Politica
Groenlandia, Schlein stronca la linea di Meloni: "Non si tocca, la premier mette l'Italia nelle retrovie"
"Il governo più trumpiano d'Europa scivola nella marginalità"

Elly Schlein
"Si tratta di capire e decidere cosa fare di fronte alla più grave crisi nella alleanza transatlantica dalla sua fondazione"
Ci saremmo aspettati una presa di posizione netta: "la Groenlandia non si tocca, non si vende e non si compra, difendiamo l'integrità territoriale di uno Stato membro dell'Unione europea". Così in una nota la segretaria del Partito democratico, Elly Schlein. "La politica estera di un grande paese come l'Italia non puo' ridursi all'attesa e all'interpretazione di quello che dirà o farà Donald Trump. I nodi stanno venendo al pettine, anche per Giorgia Meloni", sottolinea Schelin, che aggiunge: "Qui non si tratta solo di condividere o non condividere le dichiarazioni del presidente Usa, si tratta di capire e decidere cosa fare di fronte alla più grave crisi nella alleanza transatlantica dalla sua fondazione. Certo, se scegli di legittimare Trump quando agisce fuori da ogni regola violando il diritto internazionale, come ha fatto Meloni, poi fatichi a difenderti delle minacce quando ti riguardano. Oggi l'intero continente europeo sta subendo la volontà di potenza trumpiana sulla Groenlandia. E per la prima volta l'Italia appare politicamente incapace di esprimere una vera solidarietà europea".

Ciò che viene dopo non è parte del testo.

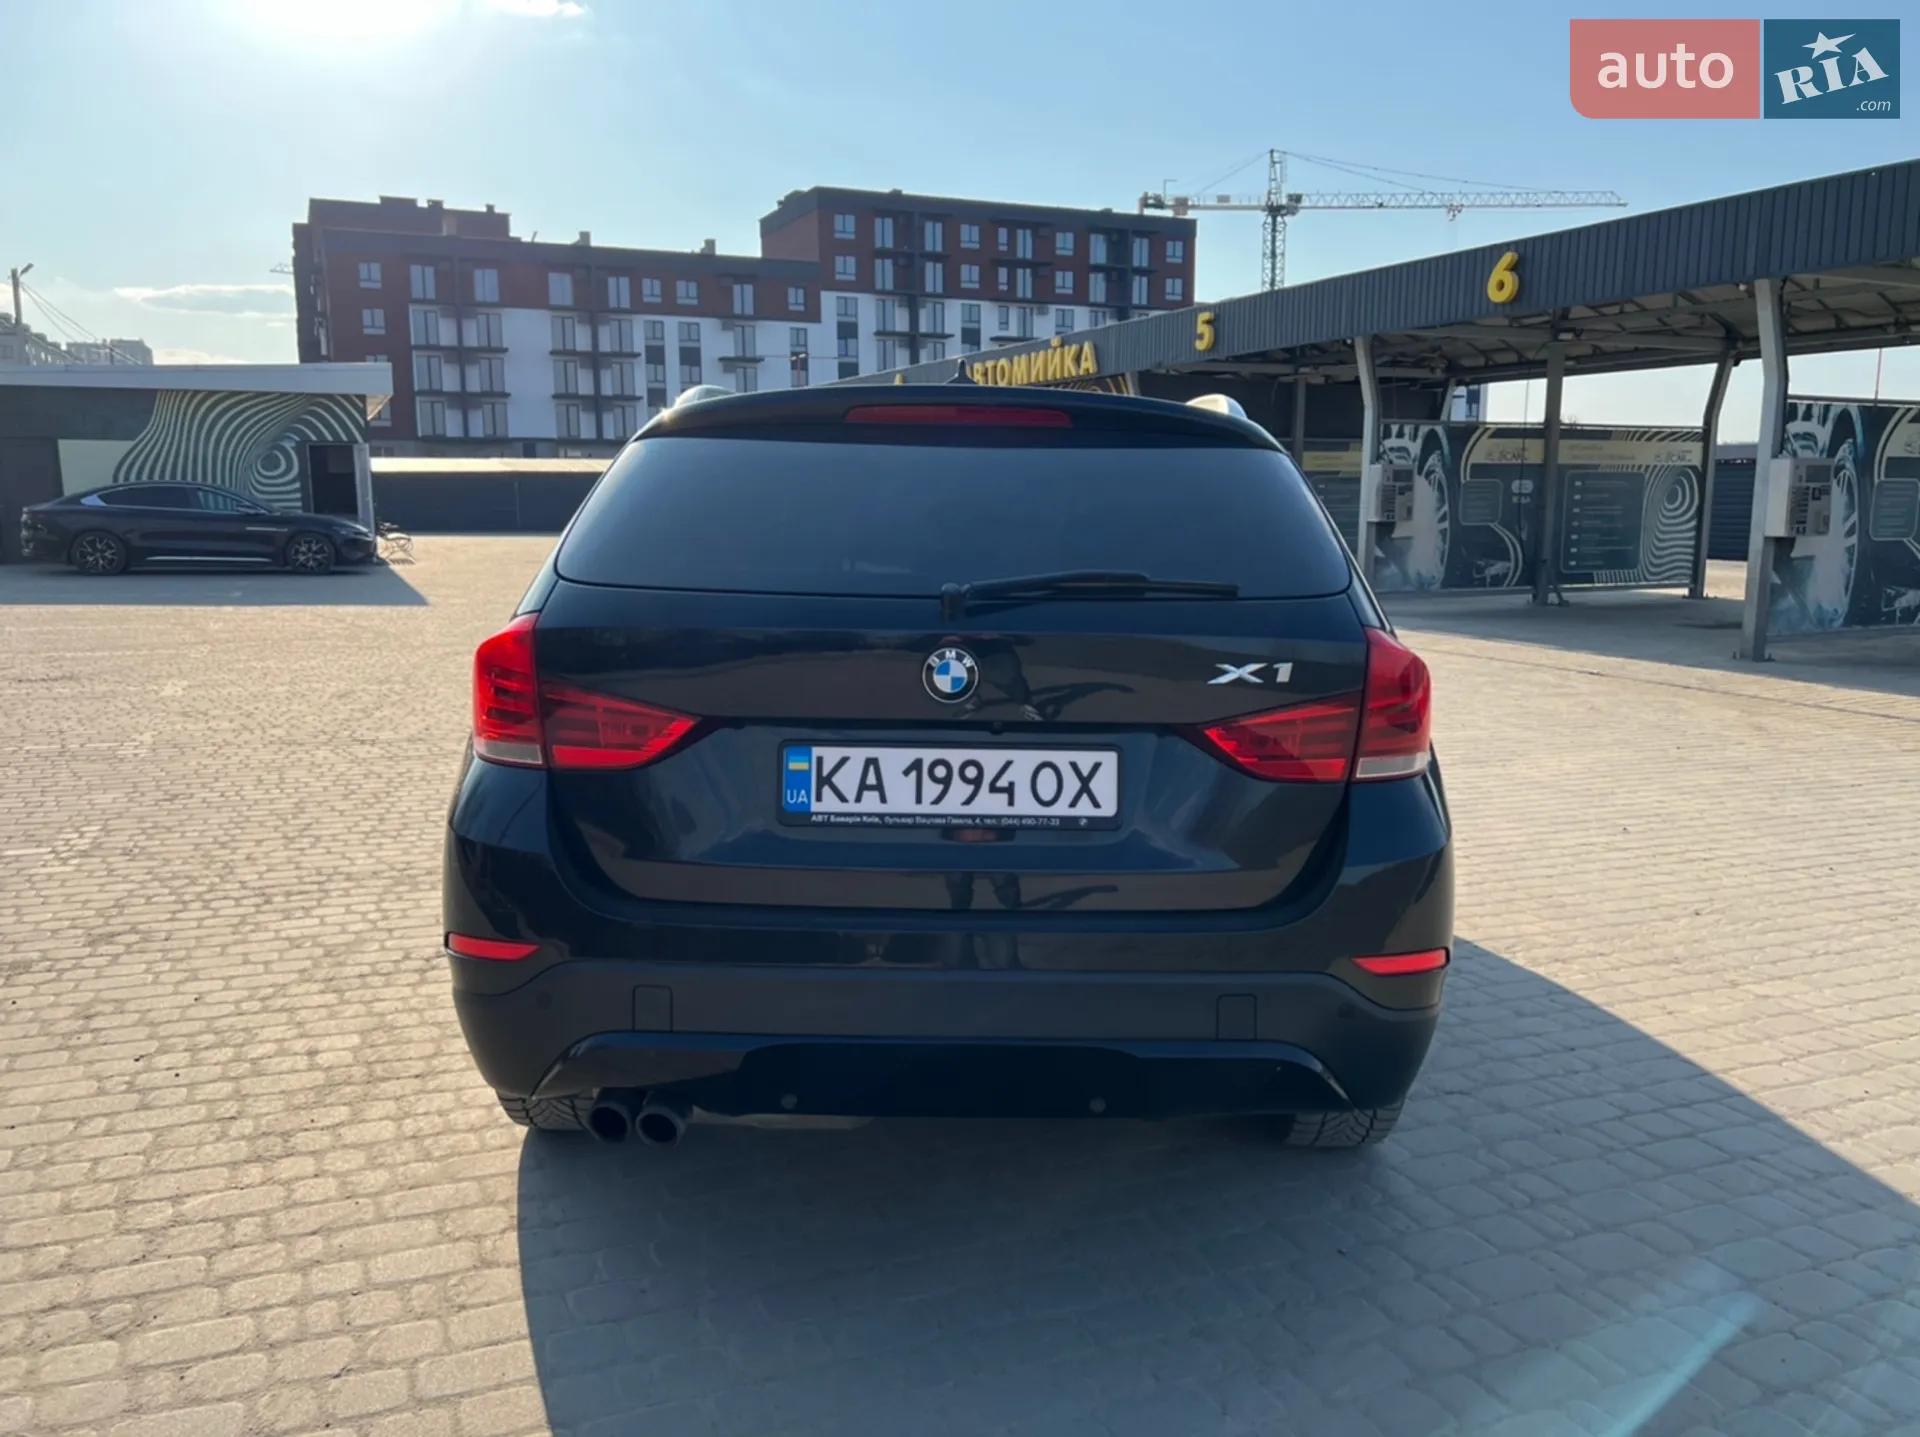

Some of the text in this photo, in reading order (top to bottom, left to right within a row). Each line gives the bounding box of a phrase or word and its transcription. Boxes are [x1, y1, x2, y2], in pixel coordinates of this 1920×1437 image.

[1486, 252, 1519, 303] 6
[1195, 311, 1215, 351] 5
[928, 649, 975, 668] BMW
[1206, 661, 1294, 685] X1
[786, 790, 809, 804] UA
[815, 756, 1104, 809] KA 1994 OX

"Se la tua unica ambizione - prosegue - e' essere il governo più trumpiano d'Europa è inevitabile scivolare nella marginalità ed entrare in contraddizione con il resto dell'Unione. Continuare su questa strada ci impedisce di svolgere una funzione, nel momento in cui servirebbe un grande salto in avanti di integrazione e solidarietà europea di fronte agli attacchi di Trump, e una reazione comunitaria all'annuncio di una nuova guerra commerciale come ritorsione politica verso alcuni Stati Ue, che straccerebbe anche il pessimo accordo raggiunto qualche mese fa. I dazi che danneggiano l'economia italiana non hanno visto una risposta adeguata del governo. Meloni ha smesso di parlarne per non disturbare Trump, mentre il conto continuano a pagarlo lavoratori, famiglie e imprese. Posizionare l'Italia nelle retrovie - conclude la segretaria Pd - quando dovremmo essere protagonisti di una svolta europea nel segno dell'autonomia strategica, dell'integrazione e della dignità, è il danno più grande che il governo Meloni sta arrecando all'immagine del nostro paese e ai nostri interessi nazionali".